Figure 5. Inhibition of trehalose-induced autophagy abolished its cytoprotective effects in preventing podocyte apoptosis.

CQ (25 µM) or WT (0.2 µM) was used to inhibit podocyte autophagy which was induced by trehalose (50 mM) or trehalose (50 mM) + PAN (30 µg/ml) for 48 h. (A–C) CQ and WT inhibited trehalose-induced autophagy. The expression of LC3-II drastically increased in Tre+CQ and PAN+ Tre+CQ groups, while it decreased significantly in Tre+WT and PAN+ Tre+WT groups. p62 slightly decreased in PAN+ Tre group, whereas it significantly increased in Tre+CQ and Tre+WT groups. The immunoblot images were shown along with statistical data. *p<0.05, **p<0.01 versus Tre group, n = 7. (D) Necrosis increased after the inhibition of trehalose-induced autophagy. The LDH in culture medium was measured. *p<0.05, **p<0.01 versus PAN+Tre group, n = 6. (E) Podocyte apoptosis increased after the inhibition of trehalose-induced autophagy.
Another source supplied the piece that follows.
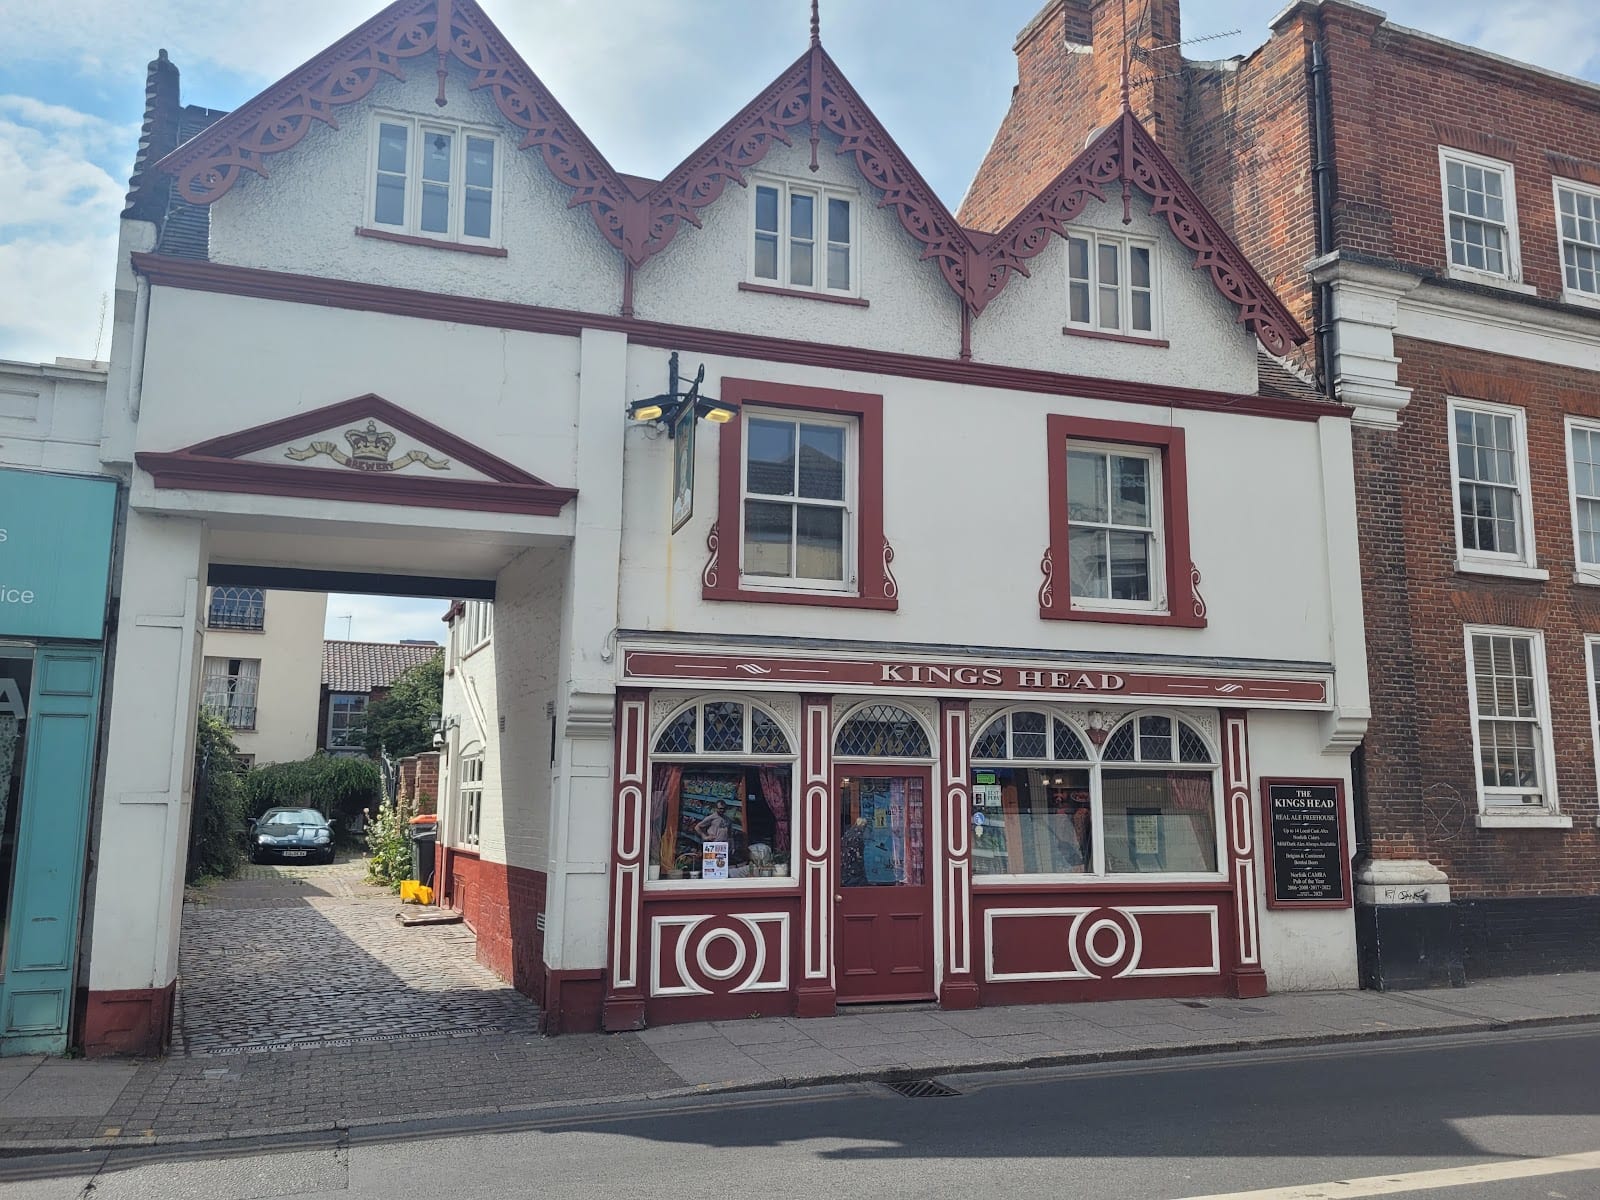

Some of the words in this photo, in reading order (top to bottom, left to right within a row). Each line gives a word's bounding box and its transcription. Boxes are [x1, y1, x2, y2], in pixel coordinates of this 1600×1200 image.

The percentage of apoptotic podocytes was much higher in PAN+Tre+CQ and PAN+Tre+WT groups than the PAN+ Tre group. *p<0.05, **p<0.01 versus PAN+ Tre group, n = 7. (F) The percentage of active caspase-3 positive podocytes increased after inhibition of trehalose-induced autophagy. The changes in the percentage of active caspase-3 positive podocytes were similar to the data in (E). *p<0.05, **p<0.01 versus PAN+ Tre group, n = 8.